Wake v. Barker

Decision Date11 October 1974
PartiesA. Norrie WAKE, Petitioner, v. Honorable George E. BARKER, Judge, Fayette Circuit Court, Lexington, Kentucky, Respondent.
CourtUnited States State Supreme Court — District of Kentucky

A. Norrie Wake, Wake & Vest, Lexington, for petitioner.

George E. Barker, pro se.

Patric H. Molloy, Commonwealth's Atty., 22nd Judicial District, John M. Famularo, Asst. Commonwealth's Atty., Lexington, amicus curiae.

CULLEN, Commissioner.

A. Norrie Wake, one of the Public Defenders in Fayette County was appointed by the respondent circuit judge to represent one James Harvey Hendron in his defense under an indictment charging three counts of dwelling-house breaking, one count of taking and operating an automobile without the owner's consent, and one count of being an habitual criminal. The order of appointment prescribed restrictions on Wake's control of the defense, giving Hendron the right to participate in decisions as to trial tactics, with the judge to make the final decision in instances where Wake and Hendron disagreed. The record of the hearing at which the appointment was made shows that Hendron did not want counsel, or at least wanted to be in full charge of his own defense with counsel available to do his bidding.

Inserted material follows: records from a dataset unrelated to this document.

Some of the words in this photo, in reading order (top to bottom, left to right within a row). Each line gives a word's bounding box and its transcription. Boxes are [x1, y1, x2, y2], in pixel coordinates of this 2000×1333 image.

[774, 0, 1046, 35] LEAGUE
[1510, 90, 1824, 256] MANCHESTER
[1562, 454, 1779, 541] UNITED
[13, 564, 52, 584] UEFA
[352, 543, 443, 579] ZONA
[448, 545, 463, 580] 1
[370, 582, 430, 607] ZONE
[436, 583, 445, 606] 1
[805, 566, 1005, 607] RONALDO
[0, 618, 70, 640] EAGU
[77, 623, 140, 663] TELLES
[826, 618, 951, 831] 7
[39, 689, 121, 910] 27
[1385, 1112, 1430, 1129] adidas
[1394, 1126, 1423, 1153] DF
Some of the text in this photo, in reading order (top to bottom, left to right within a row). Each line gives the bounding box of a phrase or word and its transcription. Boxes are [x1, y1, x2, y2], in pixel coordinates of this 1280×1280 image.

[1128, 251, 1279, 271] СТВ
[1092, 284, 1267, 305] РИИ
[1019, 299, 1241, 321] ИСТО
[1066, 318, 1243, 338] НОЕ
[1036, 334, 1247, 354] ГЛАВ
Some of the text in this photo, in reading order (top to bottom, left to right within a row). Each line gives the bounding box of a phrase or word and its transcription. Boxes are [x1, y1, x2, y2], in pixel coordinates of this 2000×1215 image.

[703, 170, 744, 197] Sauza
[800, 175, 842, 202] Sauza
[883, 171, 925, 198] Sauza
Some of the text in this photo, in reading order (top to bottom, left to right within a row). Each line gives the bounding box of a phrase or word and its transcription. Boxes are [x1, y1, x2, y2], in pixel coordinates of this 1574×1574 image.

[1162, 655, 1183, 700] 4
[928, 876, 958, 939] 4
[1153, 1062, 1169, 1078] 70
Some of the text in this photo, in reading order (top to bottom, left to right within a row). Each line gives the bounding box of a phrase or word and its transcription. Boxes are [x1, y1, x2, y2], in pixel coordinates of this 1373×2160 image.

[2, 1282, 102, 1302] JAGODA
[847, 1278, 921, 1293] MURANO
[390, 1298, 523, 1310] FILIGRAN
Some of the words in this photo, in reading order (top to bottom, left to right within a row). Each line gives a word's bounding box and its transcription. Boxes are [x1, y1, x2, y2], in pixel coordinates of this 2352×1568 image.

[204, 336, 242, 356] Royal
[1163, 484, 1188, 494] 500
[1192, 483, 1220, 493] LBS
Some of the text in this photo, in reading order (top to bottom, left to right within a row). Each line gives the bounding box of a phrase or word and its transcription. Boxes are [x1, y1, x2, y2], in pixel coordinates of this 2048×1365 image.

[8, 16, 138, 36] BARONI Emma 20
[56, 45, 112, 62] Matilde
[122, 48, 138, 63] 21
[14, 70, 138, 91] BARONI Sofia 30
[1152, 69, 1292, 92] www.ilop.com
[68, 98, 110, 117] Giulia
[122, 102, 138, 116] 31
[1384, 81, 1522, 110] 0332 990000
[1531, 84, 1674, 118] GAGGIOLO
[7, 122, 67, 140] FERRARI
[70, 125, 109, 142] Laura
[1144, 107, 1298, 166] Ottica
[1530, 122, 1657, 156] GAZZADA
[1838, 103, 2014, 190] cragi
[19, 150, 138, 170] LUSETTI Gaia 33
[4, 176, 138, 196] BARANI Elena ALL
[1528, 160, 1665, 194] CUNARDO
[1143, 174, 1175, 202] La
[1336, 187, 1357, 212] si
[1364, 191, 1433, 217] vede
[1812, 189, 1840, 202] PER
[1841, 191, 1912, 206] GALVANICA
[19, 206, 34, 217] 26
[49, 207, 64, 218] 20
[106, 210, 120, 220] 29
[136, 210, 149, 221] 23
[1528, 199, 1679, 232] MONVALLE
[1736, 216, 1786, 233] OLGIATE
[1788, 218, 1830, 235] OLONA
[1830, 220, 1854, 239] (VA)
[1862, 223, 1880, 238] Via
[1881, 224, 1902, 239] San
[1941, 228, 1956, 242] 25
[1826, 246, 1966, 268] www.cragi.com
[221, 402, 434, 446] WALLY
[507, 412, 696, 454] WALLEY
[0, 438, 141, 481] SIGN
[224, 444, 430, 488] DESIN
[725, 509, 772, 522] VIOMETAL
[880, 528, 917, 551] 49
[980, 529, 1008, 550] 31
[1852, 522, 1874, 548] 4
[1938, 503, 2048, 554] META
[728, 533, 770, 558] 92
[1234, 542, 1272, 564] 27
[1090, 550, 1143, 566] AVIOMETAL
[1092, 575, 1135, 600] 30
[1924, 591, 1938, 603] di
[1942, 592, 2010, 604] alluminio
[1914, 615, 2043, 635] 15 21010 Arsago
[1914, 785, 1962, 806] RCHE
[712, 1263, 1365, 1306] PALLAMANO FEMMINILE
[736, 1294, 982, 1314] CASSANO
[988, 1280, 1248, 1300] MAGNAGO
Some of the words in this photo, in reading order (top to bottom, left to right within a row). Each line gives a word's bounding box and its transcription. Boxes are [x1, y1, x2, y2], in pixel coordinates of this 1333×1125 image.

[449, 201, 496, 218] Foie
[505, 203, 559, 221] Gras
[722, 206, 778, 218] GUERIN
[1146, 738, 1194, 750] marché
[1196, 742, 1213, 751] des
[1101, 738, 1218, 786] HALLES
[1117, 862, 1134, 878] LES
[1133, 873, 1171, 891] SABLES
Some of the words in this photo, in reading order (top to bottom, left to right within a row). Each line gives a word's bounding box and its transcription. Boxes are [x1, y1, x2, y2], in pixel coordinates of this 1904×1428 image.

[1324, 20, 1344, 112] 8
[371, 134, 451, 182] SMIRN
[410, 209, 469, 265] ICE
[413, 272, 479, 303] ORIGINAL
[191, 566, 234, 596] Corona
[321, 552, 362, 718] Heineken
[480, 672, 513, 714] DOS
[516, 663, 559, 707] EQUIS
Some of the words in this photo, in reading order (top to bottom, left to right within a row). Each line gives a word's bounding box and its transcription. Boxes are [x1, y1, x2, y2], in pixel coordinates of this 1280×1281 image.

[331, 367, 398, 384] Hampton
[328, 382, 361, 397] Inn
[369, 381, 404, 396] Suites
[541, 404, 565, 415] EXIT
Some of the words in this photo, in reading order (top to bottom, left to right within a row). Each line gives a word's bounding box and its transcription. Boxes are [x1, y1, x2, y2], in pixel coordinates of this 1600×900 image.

Both Hendron and Wake expressed dissatisfaction at the hearing with the judge's order, and indicated their desire to obtain a review in this court. However, Wake alone has sought that review, by way of a petition for an order of prohibition against enforcement of the order of appointment of counsel; his petition seeks also that this court establish standards for the direction of the Bench and Bar in cases where defendants in criminal prosecutions desire to proceed pro se.

The defendant, Hendron, is a man with considerable experience before the bar of criminal justice. He presently is serving a 16-year sentence imposed in 1966 on a plea of guilty to charges of malicious shooting and armed robbery. Not long before the arraignment on the current indictment he went through three trials on other charges, culminating in a conviction of housebreaking.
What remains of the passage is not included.